Recent events in the financial markets over the past few weeks have been dramatic to say the least. The things we are experiencing are fairly unprecedented, and quite possibly, represent the greatest financial strain upon our financial system since the Great Depression.

Unfortunately, greed, and a lack of proper supervision by our nation’s regulators allowed this situation to occur. Now the federal government is stepping in and bailing out these industries in a near socialist manner.

Although Sather Financial Group clients were fortunate enough to NOT directly have holdings in Bear Stearns, Lehman Brothers or Merrill Lynch the after shocks have been broadly felt.

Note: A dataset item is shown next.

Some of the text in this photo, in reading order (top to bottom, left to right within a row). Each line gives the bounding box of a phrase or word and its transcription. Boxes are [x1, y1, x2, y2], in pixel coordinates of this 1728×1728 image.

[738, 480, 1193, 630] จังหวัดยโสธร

As you can imagine, we have fielded a number of legitimate calls from concerned clients.

So what should be taken away from this?

1. Charles Schwab & Co. is a brokerage firm, not an investment bank (unlike Bear Stearns, Lehman or Merrill). The investment banking firms got into trouble because they borrowed massive amounts of money and then gambled with it. As long as they were winning they looked like geniuses. Unfortunately, once they bet incorrectly the massive amounts of debt caused them to implode.

Schwab does not borrow money for investment banking purposes. Schwab is much like a realtor—they match up buyers and sellers of securities and that is it. They hold our clients securities and report on those transactions each month. It is a very simple business and Schwab is extremely good at their job. This is why we chose them in the first place.

As such, we have no concerns about Schwab’s stability or credit quality.

2. Leverage kills. We have droned on for years that when you borrow money you sacrifice flexibility and may jeopardize your future. Most of our clients listened, while a few former clients did not.

Whether it is personal or corporate, debt should be used sparingly. Prior to 2005 the investment banking houses were limited to a debt to equity ratio of about $15 of debt for each $1 of equity. Unfortunately, in 2005, our “friends” at the Securities and Exchange Commission changed this rule and essentially allowed the investment banking houses to almost self govern their usage of debt.

In the case of both Bear Stearns and Lehman, they each amassed greater than 100 to 1 debt to equity. Once in this position, all it took was a slight breeze to bring down the house of cards.

We do not use leverage in the management of our portfolios.

3. Earnings matter. To listen to the headlines, many would conclude that the world is imploding and that companies are no longer earning any money. Actually, the vast majority of our investments are still quite profitable. We must all remember that over the long term the value of any company is determined by their earnings—not the emotion or irrationality of the idiots on Wall Street.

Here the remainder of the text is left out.